## Exercise aim:
Transcribe the data that follows without changing a word, and omit the pictures.

(Image-backed grounding data)
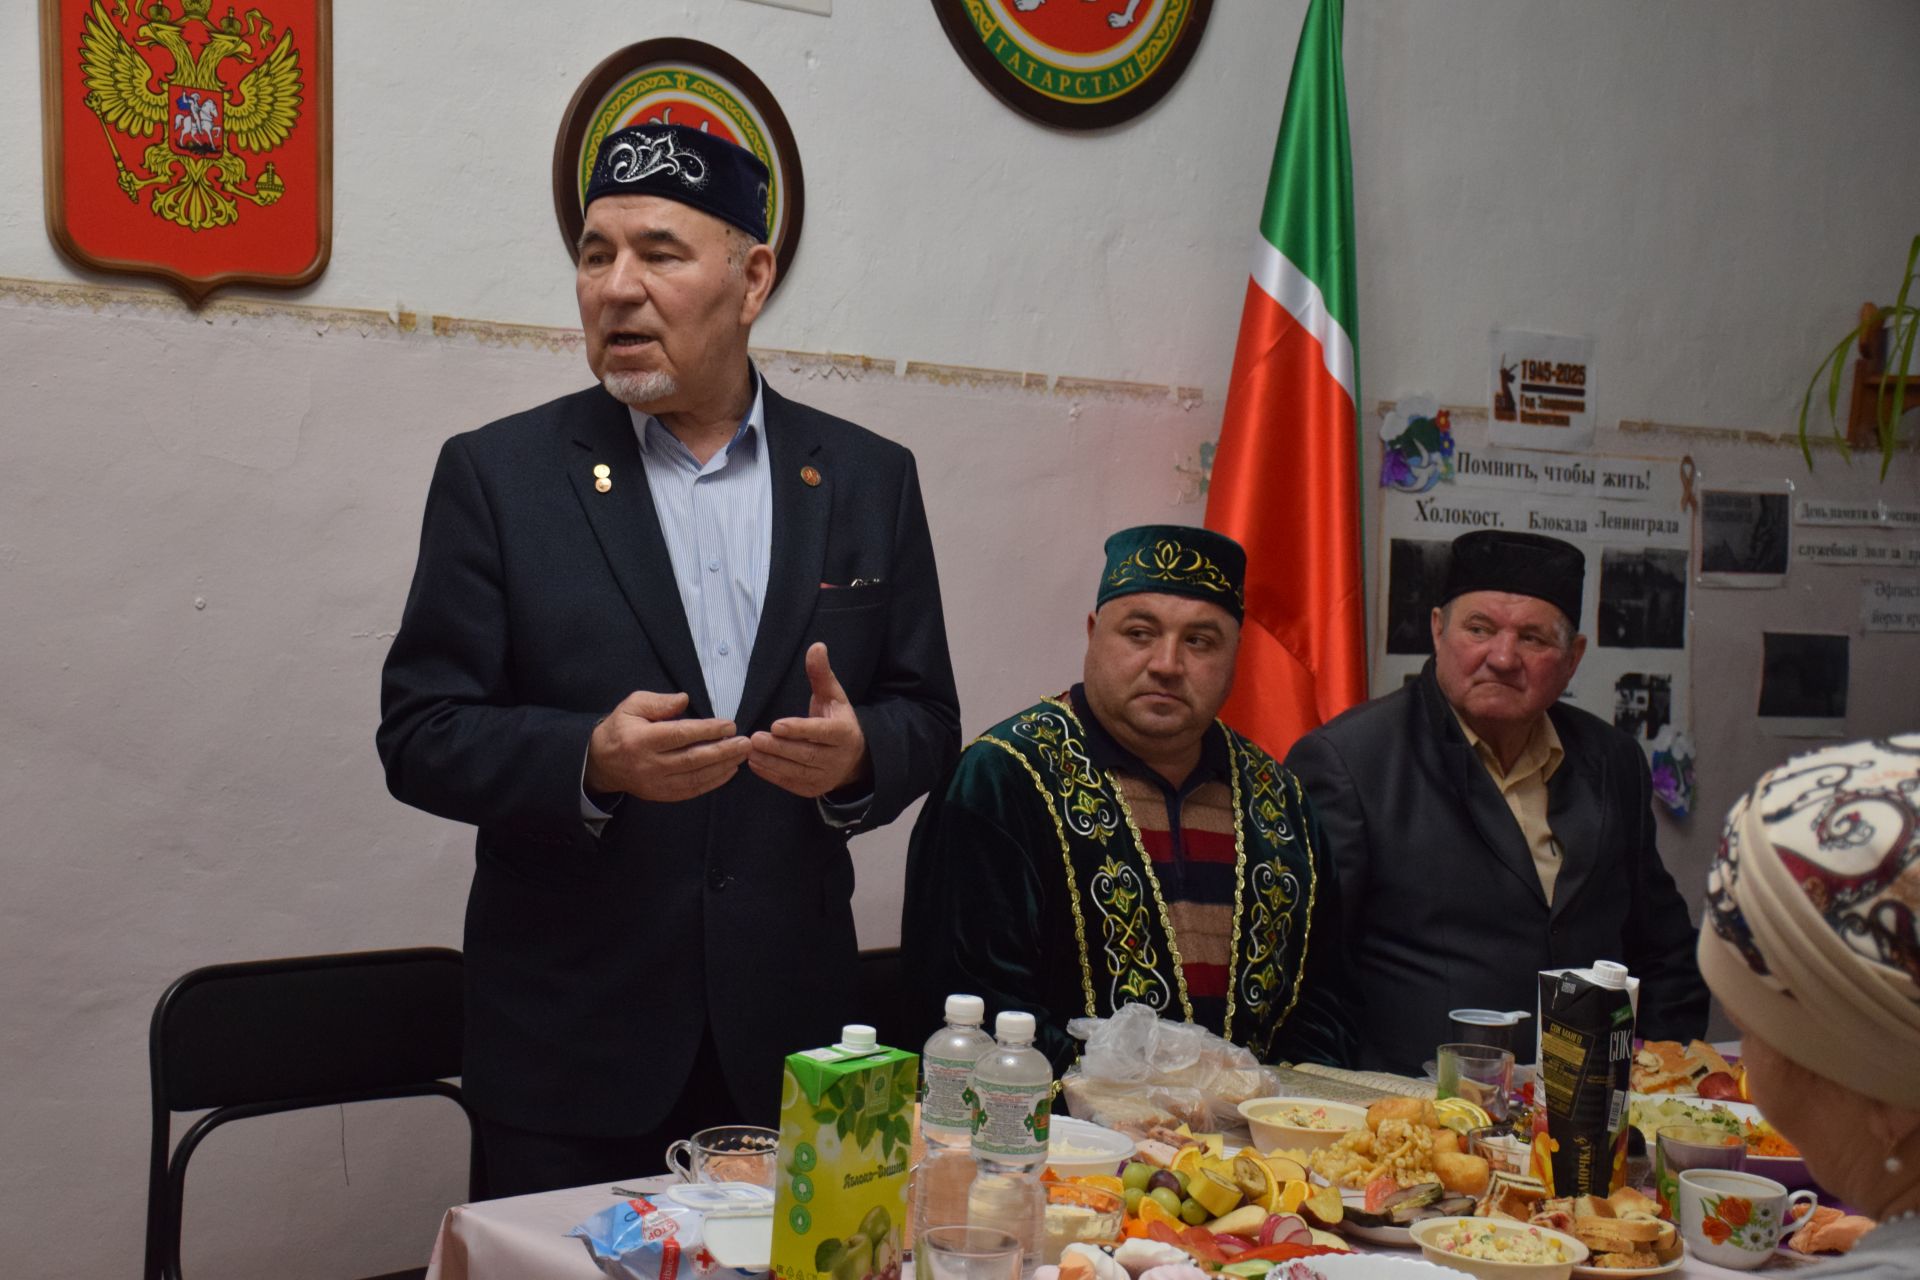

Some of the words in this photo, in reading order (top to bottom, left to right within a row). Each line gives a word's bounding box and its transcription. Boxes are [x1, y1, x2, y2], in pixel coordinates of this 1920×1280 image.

[995, 35, 1137, 95] ТАТАРСТАН
[1520, 360, 1586, 386] 1945-2025
[1457, 451, 1538, 481] Помнить,
[1544, 463, 1595, 484] чтобы
[1603, 470, 1651, 490] жить!
[1413, 498, 1505, 528] Холокост.
[1528, 512, 1587, 533] Блокада
[1595, 511, 1680, 536] Ленинграда
[1609, 1030, 1632, 1062] СОК
[1577, 1144, 1592, 1196] АНОЧКА

## Response to this exercise:
Some of the words in this photo, in reading order (top to bottom, left to right within a row). Each line gives a word's bounding box and its transcription. Boxes are [x1, y1, x2, y2], in pixel coordinates of this 1920×1280 image.

[995, 35, 1137, 95] ТАТАРСТАН
[1520, 360, 1586, 386] 1945-2025
[1457, 451, 1538, 481] Помнить,
[1544, 463, 1595, 484] чтобы
[1603, 470, 1651, 490] жить!
[1413, 498, 1505, 528] Холокост.
[1528, 512, 1587, 533] Блокада
[1595, 511, 1680, 536] Ленинграда
[1609, 1030, 1632, 1062] СОК
[1577, 1144, 1592, 1196] АНОЧКА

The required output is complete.